1. A method of treating a keloid scar or a medical condition associated therewith, the method comprising administering to a subject in need thereof a therapeutically effective amount of fibulin-5, thereby treating the keloid scar.

2-3. (canceled)

4. A method of inhibiting proliferation and/or adherence of fibroblast-like cells from a keloid scar, the method comprising contacting the fibroblast-like cells with an effective amount of fibulin-5, thereby inhibiting proliferation and/or adherence of fibroblast-like cells from the keloid scar.

5. The method of claim 4, wherein said contacting is effected in-vivo.

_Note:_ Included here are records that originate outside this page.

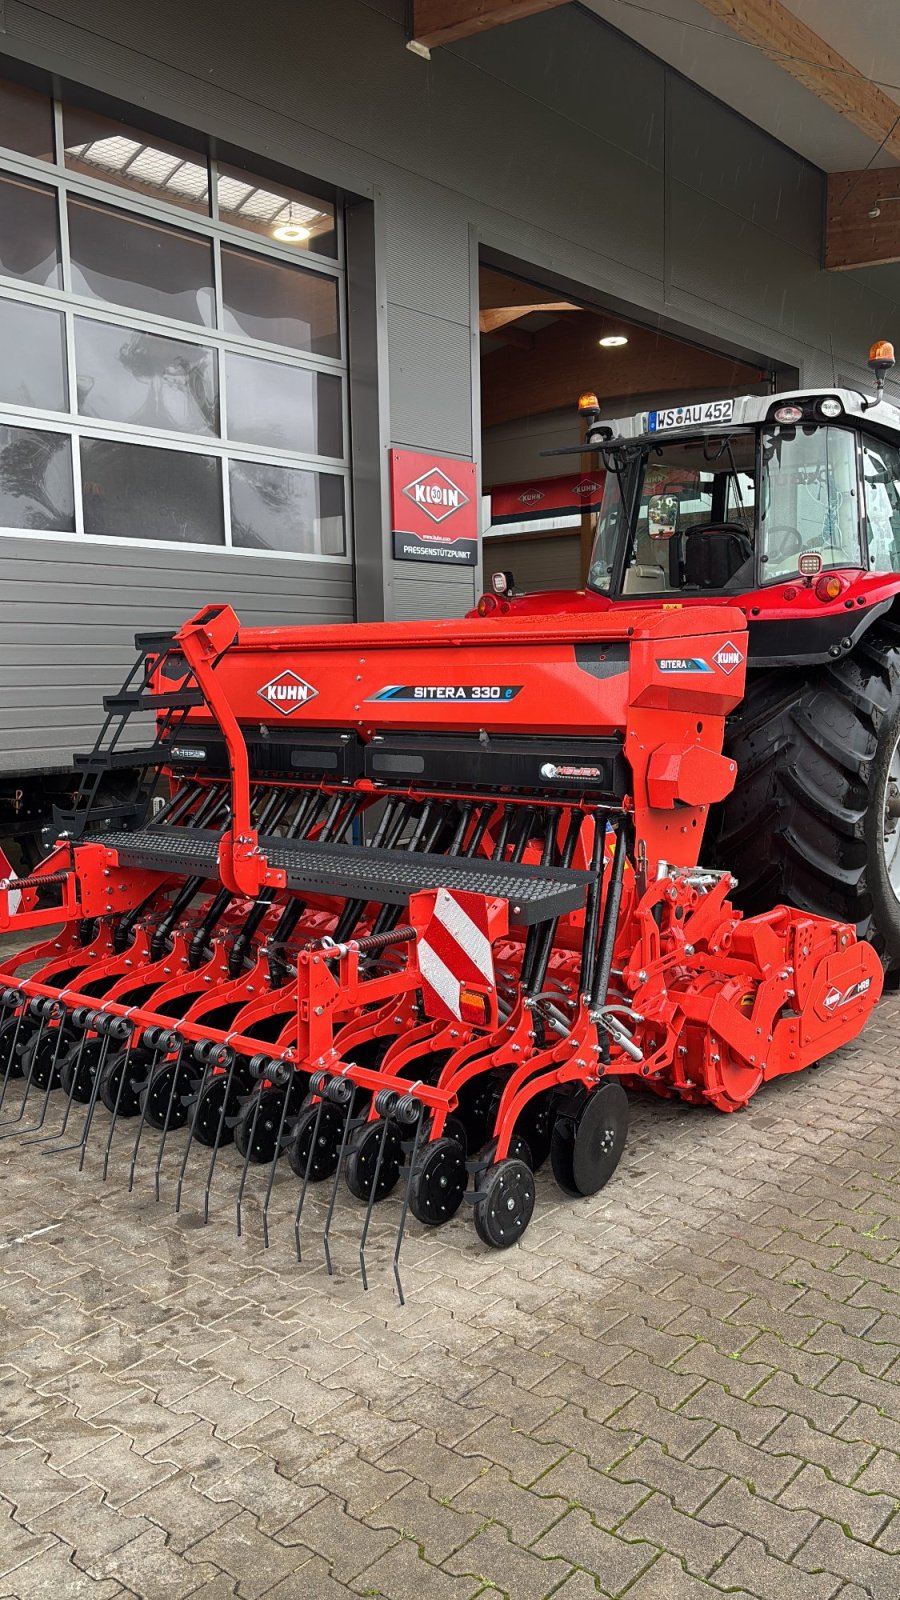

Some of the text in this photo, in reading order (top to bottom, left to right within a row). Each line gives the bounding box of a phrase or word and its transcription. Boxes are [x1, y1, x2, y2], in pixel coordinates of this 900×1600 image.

[657, 402, 731, 427] WS AU 452
[576, 484, 597, 492] KUHN
[522, 494, 541, 502] KUHN
[403, 545, 471, 558] PRESSENSTÜTZPUNKT
[717, 652, 739, 664] KUHN
[660, 660, 687, 669] SITERA
[267, 685, 308, 700] KUHN
[414, 687, 512, 698] SITERA 330 e

6. The method of claim 4, wherein said contacting is effected ex-vivo or in-vitro.

7. The method of claim 4, wherein said fibroblast-like cells are comprised in a tissue.

8. The method of claim 4, wherein said fibroblast-like cells are primary cells.

9. The method of claim 4, wherein said fibroblast-like cells are a cell line.

10. A cosmetic composition comprising an effective amount of fibulin-5 and a cosmetically acceptable carrier.

11. The method of claim 1, wherein said keloid scar is caused by external injuries.

12. The method of claim 1, wherein said keloid scar is caused by surgical procedures.

13. The method of claim 1, wherein said medical condition is selected from the group consisting of pain, inflammation and vascularization.

14. The method of claim 1, wherein said administering is effected locally.

15. The method of claim 14, wherein said administering is effected epicutaneously, subcutaneously or intradermally.

16. The method of claim 1, wherein said fibulin-5 comprises an integrin beta binding domain.

17. The method of claim 16, wherein said fibulin-5 is full length fibulin-5.

18. The method of claim 1, wherein said fibulin-5 is human fibulin-5.